BEGIN

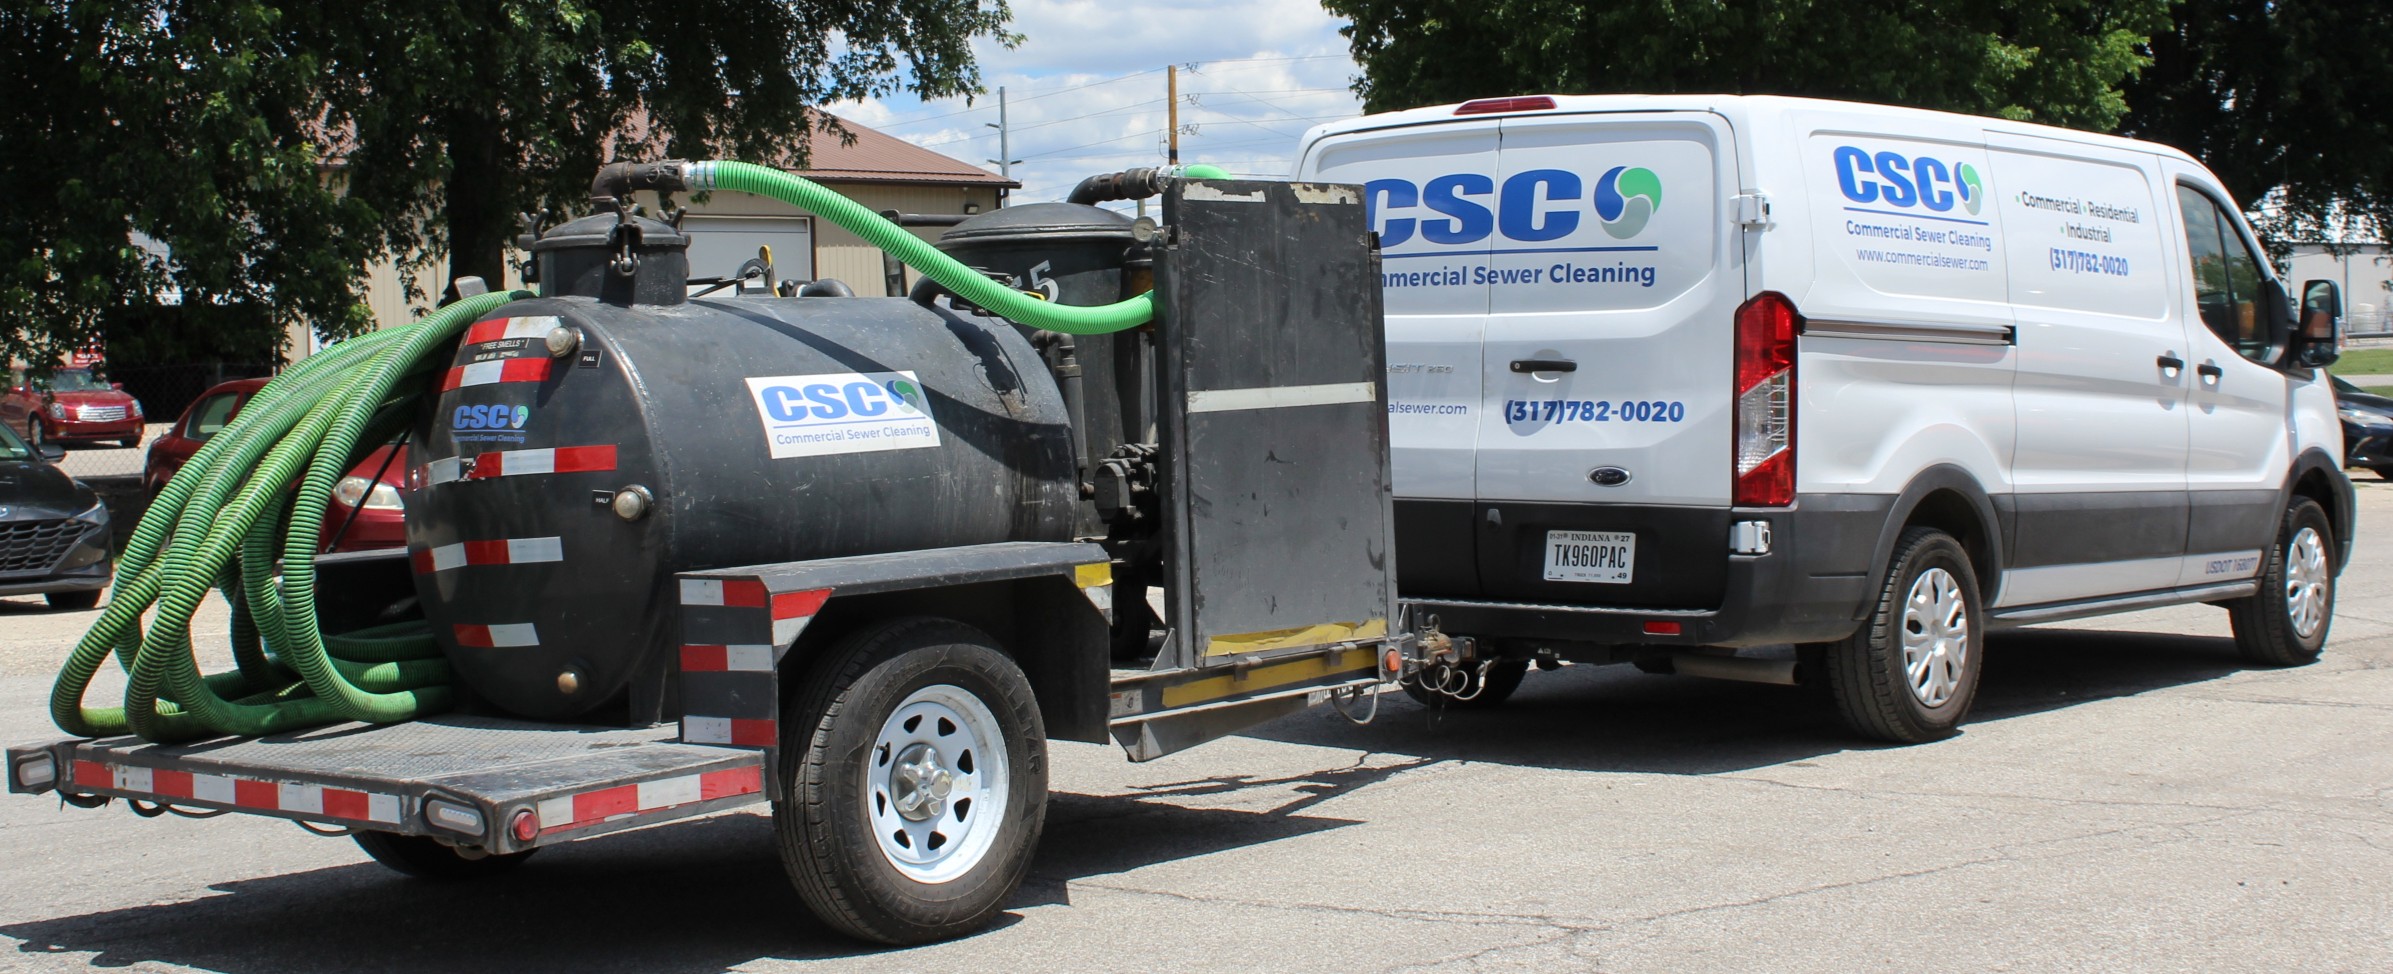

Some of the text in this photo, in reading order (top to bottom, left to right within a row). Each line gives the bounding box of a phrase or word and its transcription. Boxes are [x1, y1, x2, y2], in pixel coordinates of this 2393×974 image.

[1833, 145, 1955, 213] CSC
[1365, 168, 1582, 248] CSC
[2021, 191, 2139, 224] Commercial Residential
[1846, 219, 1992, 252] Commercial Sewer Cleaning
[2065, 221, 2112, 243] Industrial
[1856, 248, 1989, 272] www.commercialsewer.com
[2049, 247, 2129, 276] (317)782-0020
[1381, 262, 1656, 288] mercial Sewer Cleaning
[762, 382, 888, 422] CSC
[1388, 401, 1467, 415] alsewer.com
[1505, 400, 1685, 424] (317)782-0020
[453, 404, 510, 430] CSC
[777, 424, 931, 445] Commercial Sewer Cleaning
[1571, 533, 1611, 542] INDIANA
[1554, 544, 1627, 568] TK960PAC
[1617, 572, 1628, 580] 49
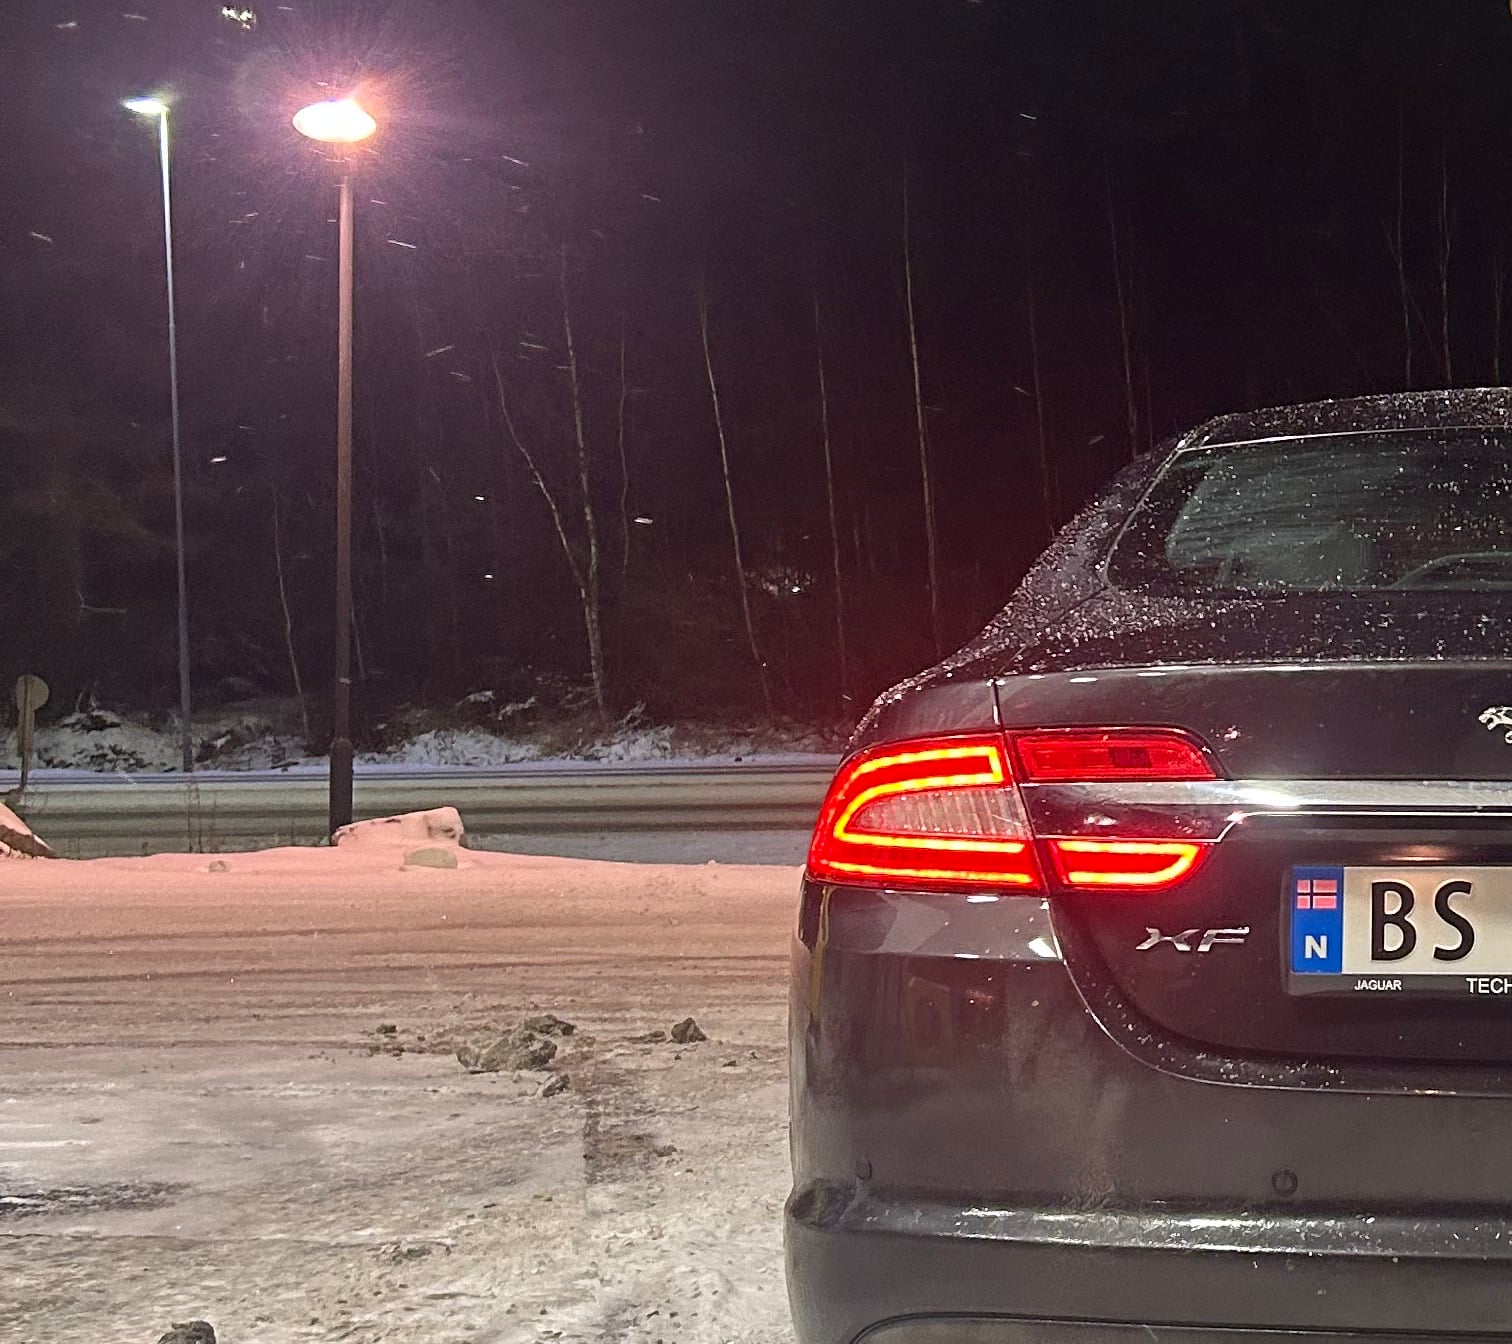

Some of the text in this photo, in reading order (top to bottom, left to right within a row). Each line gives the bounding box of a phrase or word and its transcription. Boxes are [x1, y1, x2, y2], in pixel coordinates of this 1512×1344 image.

END

● **WHAT IS REQUIRED**
The records above, copied word for word without the pictures, are what should be output.

● **PROBLEM SOLUTION**
Some of the text in this photo, in reading order (top to bottom, left to right within a row). Each line gives the bounding box of a phrase or word and its transcription. Boxes are [x1, y1, x2, y2], in pixel coordinates of this 2393×974 image.

[1833, 145, 1955, 213] CSC
[1365, 168, 1582, 248] CSC
[2021, 191, 2139, 224] Commercial Residential
[1846, 219, 1992, 252] Commercial Sewer Cleaning
[2065, 221, 2112, 243] Industrial
[1856, 248, 1989, 272] www.commercialsewer.com
[2049, 247, 2129, 276] (317)782-0020
[1381, 262, 1656, 288] mercial Sewer Cleaning
[762, 382, 888, 422] CSC
[1388, 401, 1467, 415] alsewer.com
[1505, 400, 1685, 424] (317)782-0020
[453, 404, 510, 430] CSC
[777, 424, 931, 445] Commercial Sewer Cleaning
[1571, 533, 1611, 542] INDIANA
[1554, 544, 1627, 568] TK960PAC
[1617, 572, 1628, 580] 49

Some of the text in this photo, in reading order (top to bottom, left to right within a row). Each line gives the bounding box of a phrase or word and its transcription. Boxes are [x1, y1, x2, y2], in pixel coordinates of this 1512×1344 image.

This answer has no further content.